▸ **What you will do**: Taking the line with "this 1200×1800 image." as the start, reproduce every line until the records end, exactly and with nothing added.

▸ **Data to process**:
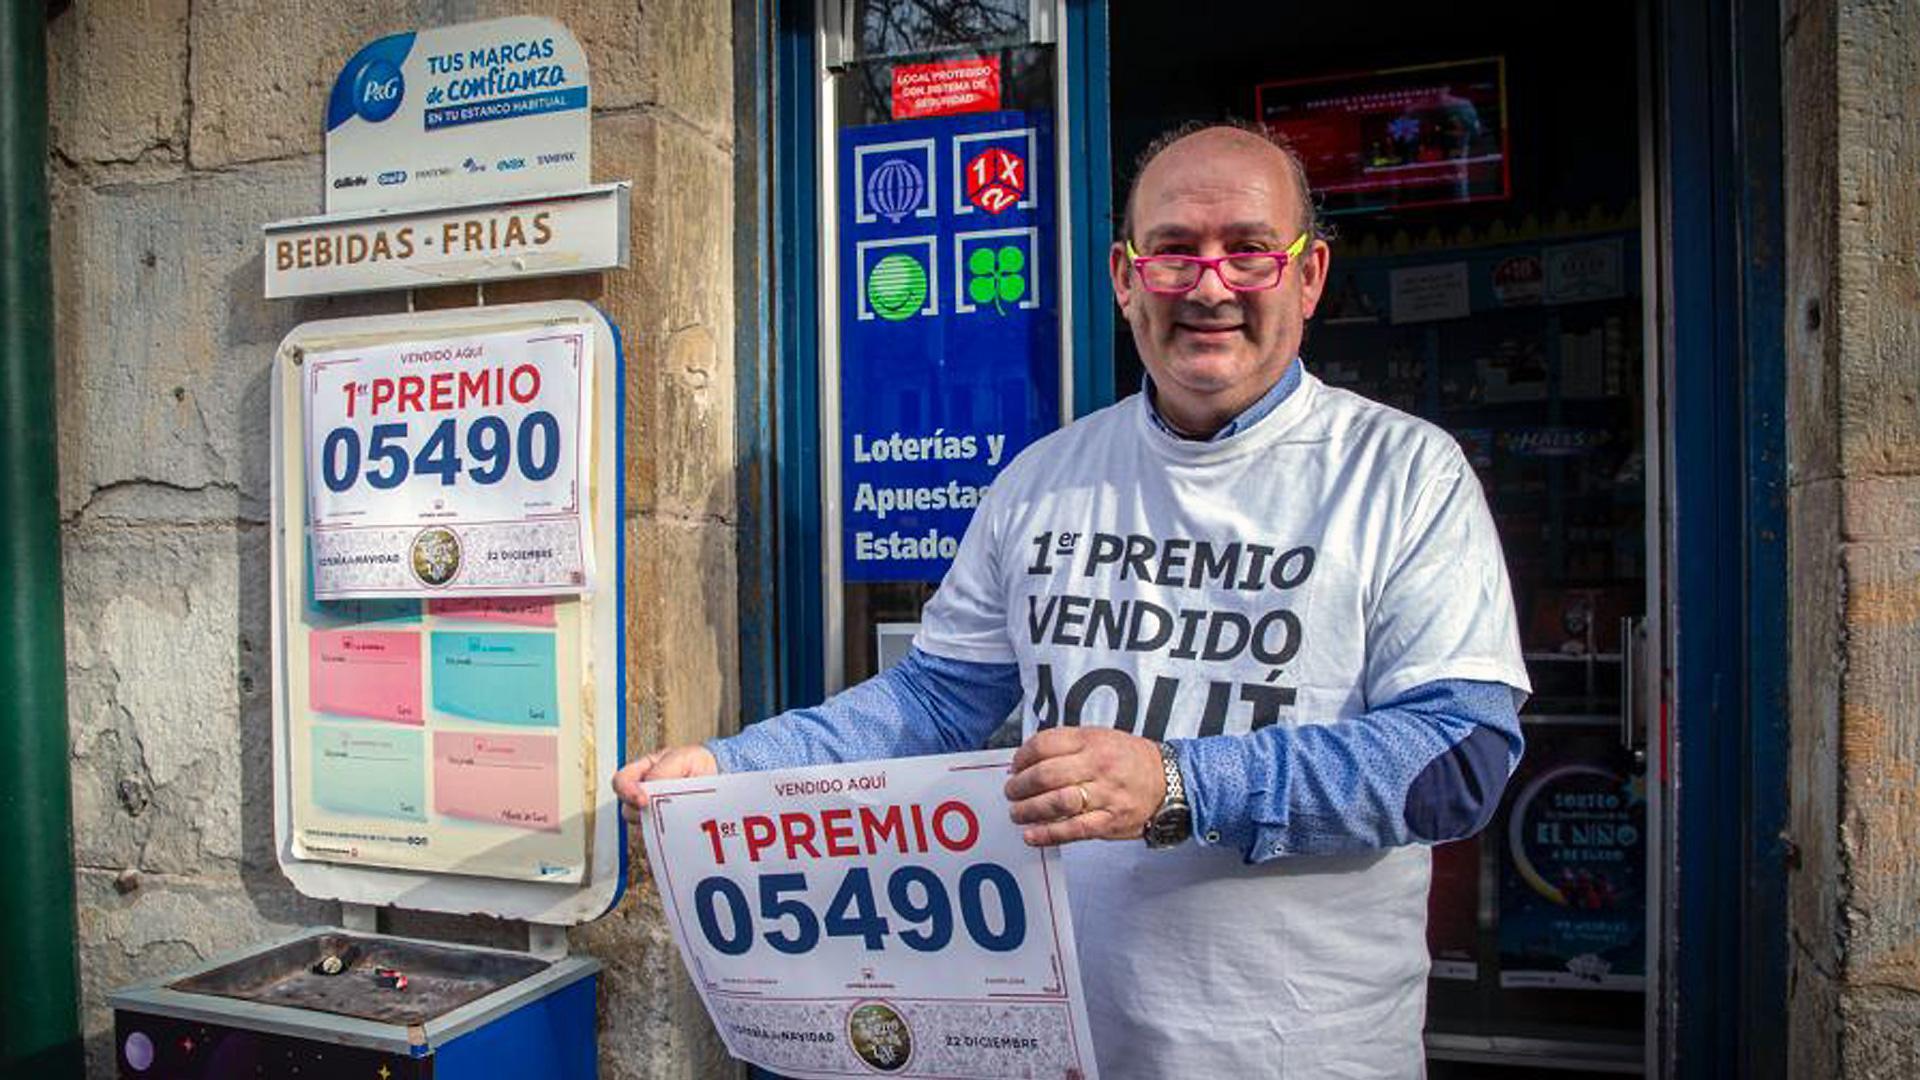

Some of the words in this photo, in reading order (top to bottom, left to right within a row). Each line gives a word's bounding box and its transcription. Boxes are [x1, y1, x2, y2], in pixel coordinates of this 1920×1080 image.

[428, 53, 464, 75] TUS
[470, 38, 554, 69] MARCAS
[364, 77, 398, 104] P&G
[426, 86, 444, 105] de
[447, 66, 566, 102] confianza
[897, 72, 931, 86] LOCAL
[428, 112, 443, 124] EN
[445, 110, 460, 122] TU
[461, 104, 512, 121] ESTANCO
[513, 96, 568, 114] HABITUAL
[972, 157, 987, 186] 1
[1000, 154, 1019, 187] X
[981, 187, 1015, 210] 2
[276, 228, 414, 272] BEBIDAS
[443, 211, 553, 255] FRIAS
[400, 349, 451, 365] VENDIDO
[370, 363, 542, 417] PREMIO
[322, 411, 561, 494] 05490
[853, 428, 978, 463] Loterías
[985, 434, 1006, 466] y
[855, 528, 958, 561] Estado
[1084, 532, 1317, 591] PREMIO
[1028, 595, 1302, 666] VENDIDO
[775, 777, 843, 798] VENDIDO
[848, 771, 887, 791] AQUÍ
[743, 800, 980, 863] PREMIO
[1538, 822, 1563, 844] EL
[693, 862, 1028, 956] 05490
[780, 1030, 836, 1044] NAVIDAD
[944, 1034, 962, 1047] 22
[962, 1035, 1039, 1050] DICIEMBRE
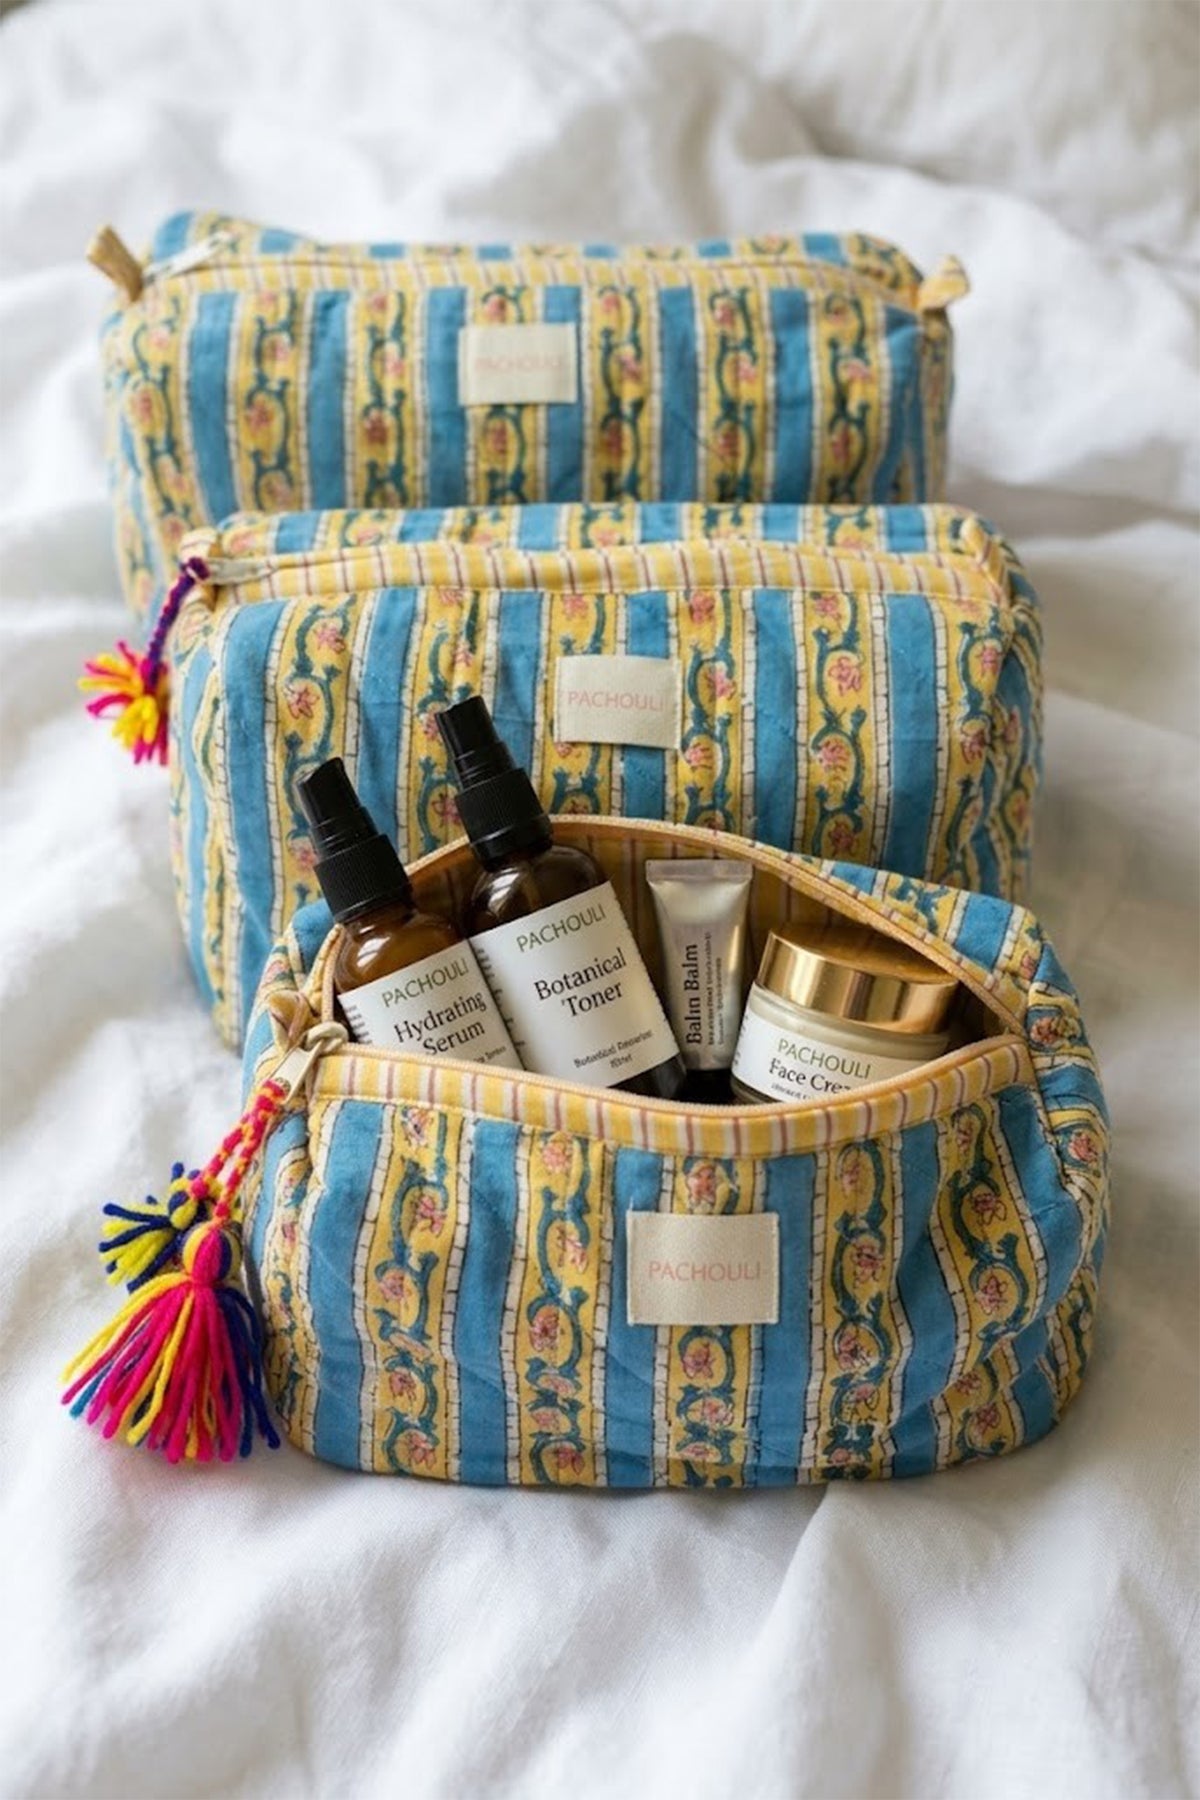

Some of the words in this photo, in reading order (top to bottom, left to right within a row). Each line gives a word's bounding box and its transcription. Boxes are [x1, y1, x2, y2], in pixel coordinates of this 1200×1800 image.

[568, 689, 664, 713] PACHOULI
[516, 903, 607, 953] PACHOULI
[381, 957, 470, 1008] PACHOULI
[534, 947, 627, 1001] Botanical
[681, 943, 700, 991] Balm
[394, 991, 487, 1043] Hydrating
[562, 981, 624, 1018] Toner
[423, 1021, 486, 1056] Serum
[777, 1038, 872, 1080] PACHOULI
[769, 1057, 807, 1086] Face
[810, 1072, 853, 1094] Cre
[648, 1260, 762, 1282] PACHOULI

▸ **Your solution**:
Some of the words in this photo, in reading order (top to bottom, left to right within a row). Each line gives a word's bounding box and its transcription. Boxes are [x1, y1, x2, y2], in pixel coordinates of this 1200×1800 image.

[568, 689, 664, 713] PACHOULI
[516, 903, 607, 953] PACHOULI
[381, 957, 470, 1008] PACHOULI
[534, 947, 627, 1001] Botanical
[681, 943, 700, 991] Balm
[394, 991, 487, 1043] Hydrating
[562, 981, 624, 1018] Toner
[423, 1021, 486, 1056] Serum
[777, 1038, 872, 1080] PACHOULI
[769, 1057, 807, 1086] Face
[810, 1072, 853, 1094] Cre
[648, 1260, 762, 1282] PACHOULI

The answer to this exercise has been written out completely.